Implement MediaWiki pre-promote checks
Open, NormalPublic

Description

Problem

When deploying files in /srv/mediawiki to production, errors can be introduced due to any number of reasons. It is not feasible to catch all possible error scenarios in unit testing, integration testing, beta testing, or even mwdebug testing.

As final layer of defence, scap should perform a handful of pre-promote checks that must pass without which a deployment must not be allowed to proceed to production servers.

Existing work

We have php syntax linting as part of the merge pipeline in mediawiki/core, in extension repos, and in the operations/mediawiki-config repo. Yet, due to various reasons, a syntax error can still enter production. Due to differences in PHP versions, or due to the linter being invoked on a subdirectory and not all files, or due to the linter ignoring symlinks or otherwise files being excluded. There are also private files in the deployment host. As final check, Scap already performs one additional lint check.

We also have beta cluster, which should in theory catch all run-time issues aside from production-specific configuration overrides and private files. Although in practice:

  1. Don't check health of beta cluster during deployment.
  2. Aside from configuration, Beta Cluster runs on a different branch (master vs wmf). Issues specific to backports would not be detected there. And even if the final state after a deployment were the same on Beta and in production, for Beta we typically merge and deploy multiple commits at once. Whereas in production we deploy 1 commit and 1 file/directory at once, which means there is another area of things to go wrong. And the below list of incidents indicates that this is quite a common source of errors (whether to split a deploy, and if so, what the correct order is).

We also have debug servers, which in theory should catch all run-time issues, including anything production specific.

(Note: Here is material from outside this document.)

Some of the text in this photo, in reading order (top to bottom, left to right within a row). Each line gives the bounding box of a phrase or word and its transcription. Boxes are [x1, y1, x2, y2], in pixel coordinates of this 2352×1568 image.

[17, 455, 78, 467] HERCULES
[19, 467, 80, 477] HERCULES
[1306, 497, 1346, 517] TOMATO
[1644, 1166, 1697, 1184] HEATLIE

Although in practice:

  1. Staging of changes on mwdebug happens through scap pull, which updates the entire deployment in one (nearly) atomic step. Whereas for production, each file and directory is synced separately. The same common source of errors mentioned above (Beta cluster, #2) also is not caught on mwdebug servers.
  2. Staging on mwdebug uses scap pull, which does not rebuild l10n locally - localisation-related issues are thus often missed on mwdebug servers.

We also have canary servers, which have been introduced after the creation of this task. Files are deployed there before the rest of production. The method of deployment and content matches 100%. However, the method of monitoring is insufficient. We currently monitor the canary servers through logstash, by querying various channels and do a before/after comparison. In theory this should catch all significant issues affecting production. Both that affect all requests, and even those that affect a large number requests. Although in practice, we still have incidents with fatal error or php notice affecting all pages on all wikis.

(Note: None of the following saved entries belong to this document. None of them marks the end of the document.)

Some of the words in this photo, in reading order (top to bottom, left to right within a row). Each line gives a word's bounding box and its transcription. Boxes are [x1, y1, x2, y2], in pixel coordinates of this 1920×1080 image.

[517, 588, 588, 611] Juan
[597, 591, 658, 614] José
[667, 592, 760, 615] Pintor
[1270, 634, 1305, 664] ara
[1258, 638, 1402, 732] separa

Various reasons at different times:

  • Due to php notices not being included in the logstash query.
  • Due to fatal errors not being logged.
  • Due to fatal errors not being included correctly in the logstash query.
  • Due to the before/after comparison not working as expected.

Solution

The idea is to write a simple maintenance script that simulates a small number of requests. We'd require that script to pass without any errors (notices/warnings) or exceptions from PHP.

It could be run on tin, e.g. sync to local /srv/mediawiki on tin first, run the script and then continue sync if successful.

Benefits

Eliminate a large class of errors:

  • Subtle errors in functional syntax. Not strict parse error, but fatal on runtime, such as the infamous arrray() typo.
  • PHP notices or warnings affecting all views (e.g. a mistyped variable in wmf-config, or in global MediaWiki code).
  • PHP fatal exceptions that happen on all views.
  • Any of the above, as result of files syncs not being split, or being synced in the wrong order.

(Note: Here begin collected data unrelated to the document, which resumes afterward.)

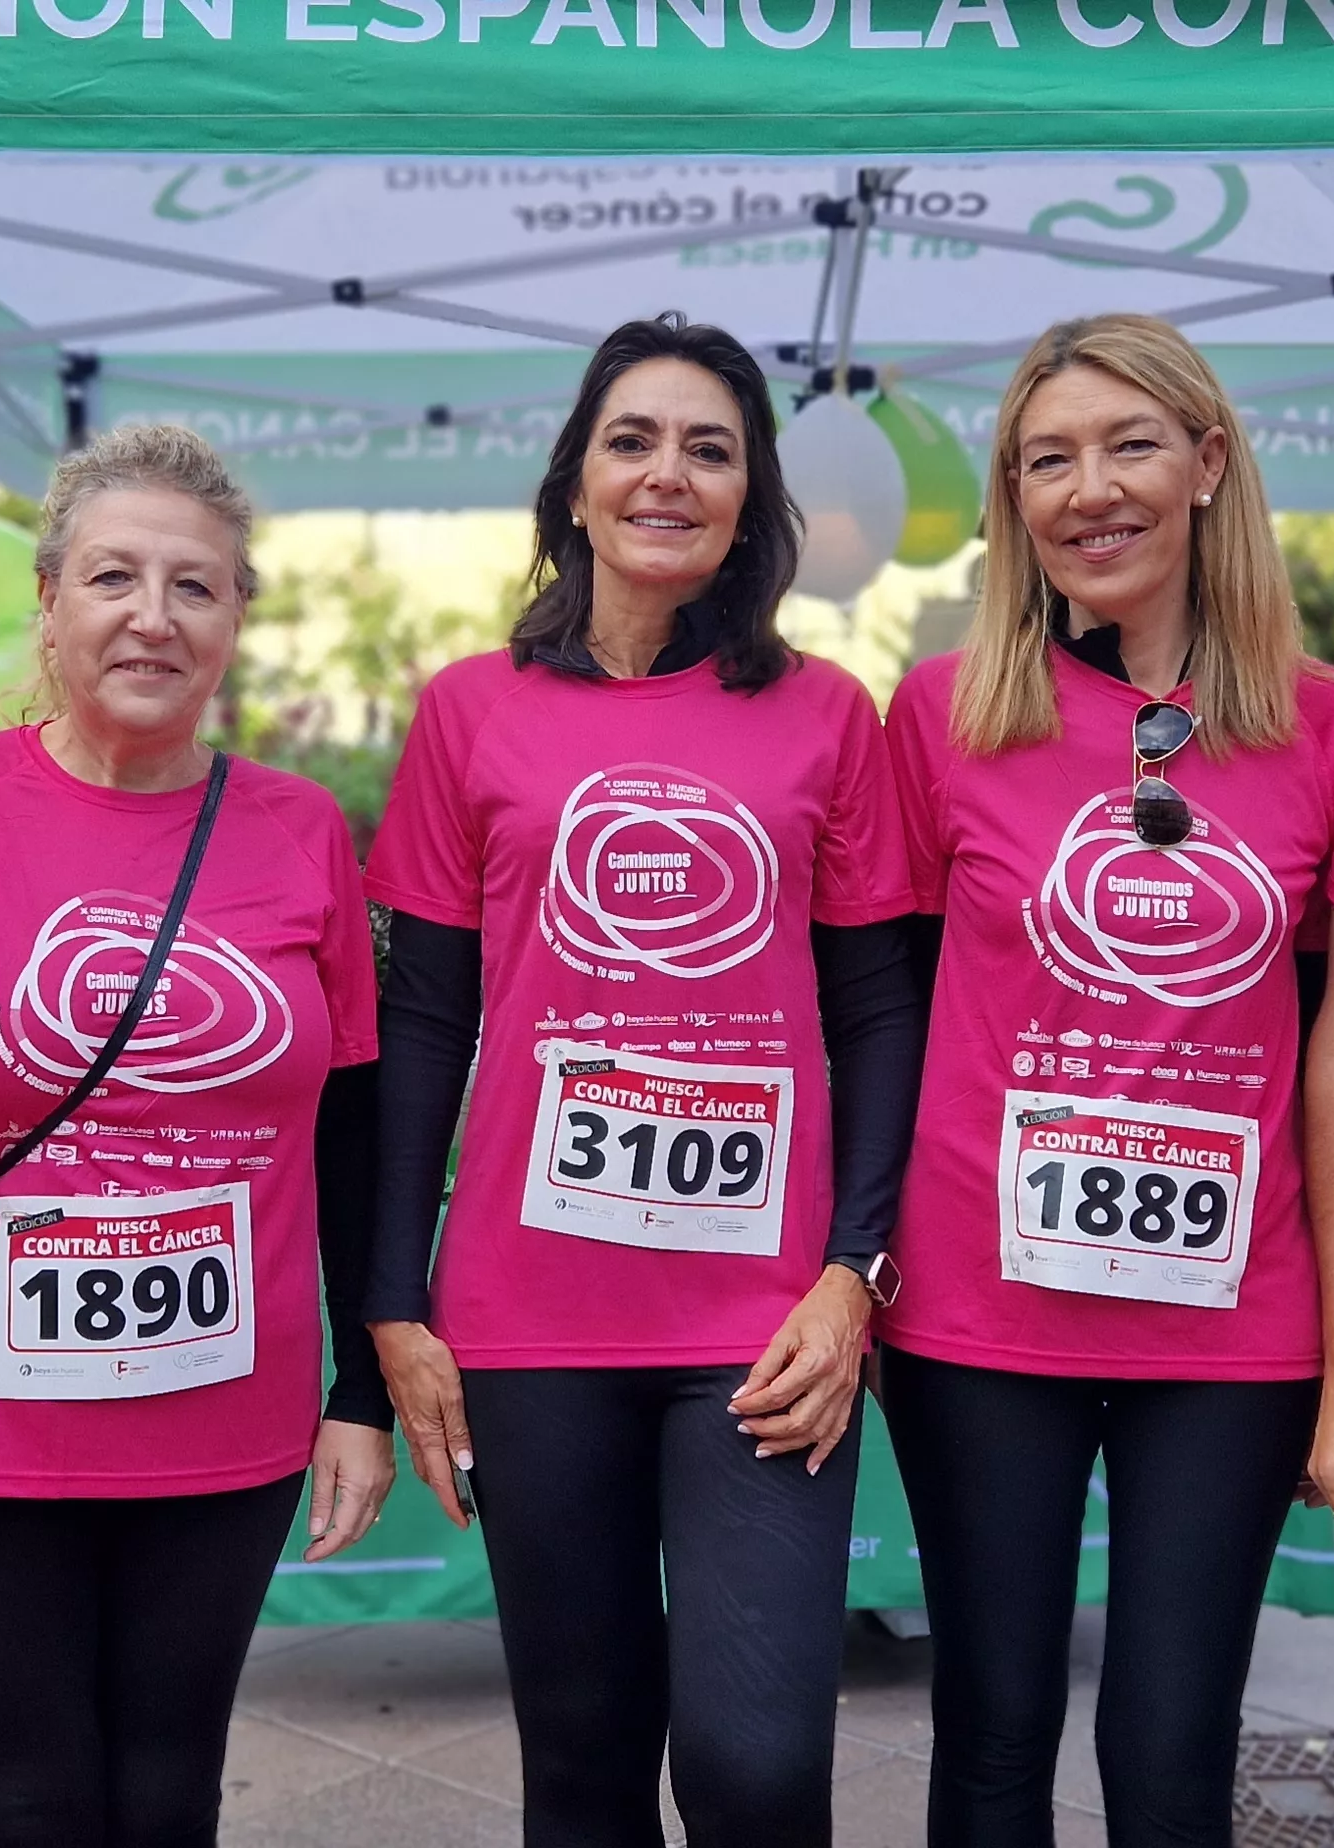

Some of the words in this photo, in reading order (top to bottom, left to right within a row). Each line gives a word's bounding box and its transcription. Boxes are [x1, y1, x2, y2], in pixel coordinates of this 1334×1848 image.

[603, 780, 612, 789] X
[610, 788, 650, 798] CONTRA
[652, 790, 664, 799] EL
[607, 851, 692, 870] Caminemos
[614, 871, 687, 894] JUNTOS
[1107, 875, 1194, 898] Caminemos
[1112, 896, 1189, 921] JUNTOS
[87, 915, 128, 925] CONTRA
[130, 919, 143, 927] EL
[85, 970, 172, 993] Camines
[596, 965, 607, 980] Te
[607, 968, 636, 983] apoyo
[91, 992, 167, 1016] JUNS
[1087, 984, 1099, 998] Te
[1098, 988, 1128, 1006] apoyo
[681, 1009, 717, 1028] vive
[729, 1013, 769, 1023] URBAN
[620, 1041, 662, 1052] Alcampo
[714, 1039, 752, 1050] Humeco
[1169, 1040, 1202, 1056] vive
[572, 1061, 609, 1074] DICIÓN
[643, 1078, 704, 1098] HUESCA
[574, 1080, 657, 1112] CONTRA
[662, 1097, 685, 1116] EL
[690, 1097, 767, 1120] CÁNCER
[1022, 1116, 1030, 1126] X
[1030, 1109, 1067, 1124] EDICIÓN
[159, 1124, 197, 1143] vive
[210, 1130, 252, 1139] URBAN
[1105, 1121, 1166, 1142] HUESCA
[91, 1150, 136, 1163] Alcampo
[193, 1155, 231, 1167] Humeco
[557, 1110, 765, 1198] 3109
[1032, 1130, 1118, 1156] CONTRA
[1124, 1143, 1147, 1159] EL
[1152, 1142, 1232, 1171] CÁNCER
[1026, 1160, 1228, 1250] 1889
[11, 1222, 19, 1233] X
[18, 1212, 57, 1232] EDICIÓN
[96, 1219, 161, 1236] HUESCA
[22, 1236, 113, 1256] CONTRA
[118, 1237, 143, 1256] EL
[148, 1224, 223, 1253] CÁNCER
[19, 1256, 231, 1342] 1890

The core idea was previously implemented in 2013 at https://github.com/wikimedia/mediawiki-extensions-WikimediaMaintenance/blob/f52b13b1/sanityCheck.php, we can further develop it by also catching warnings and exceptions.

A basic set of checks, run once, against the staging server (e.g. tin) would catch 99% of cases where a PHP notice or fatal error happens on a common web request.

Implementation ideas

  1. MediaWiki maintenance script: Simple no-op.
    • Invoke echo 1 | mwscript eval.php --wiki enwiki;, this would already exercise all wmf-config code, which is the most common source of errors. Run-time errors from MediaWiki core or extension code is rare, especially given Jenkins now catches these pre-merge.
    • Stderr will contain PHP notices, warnings, fatals, and MediaWiki warnings/errors.
  2. MediaWiki maintenance script: Render enwiki Main Page
    • Like the old sanityCheck.php script, we could instantiate MediaWiki programmatically to execute one ore more common actions. E.g. render Main Page view, Main Page history, and a basic Api query with FauxRequest.
  3. HTTP-based
    • If we can make sure Apache is installed and working on the deployment host, we can do a few simple HTTP requests as well. E.g. implemented as a python plugin for scap, that makes a set of HTTP requests to the local deployment host and verify the response. This has the benefit of catching all fatal errors no matter whether they come from apache/hhvm/mediawiki by simply checking the http status code and response body (unlike T154646, T142784 - which missed an obvious HTTP 5xx error no all pages).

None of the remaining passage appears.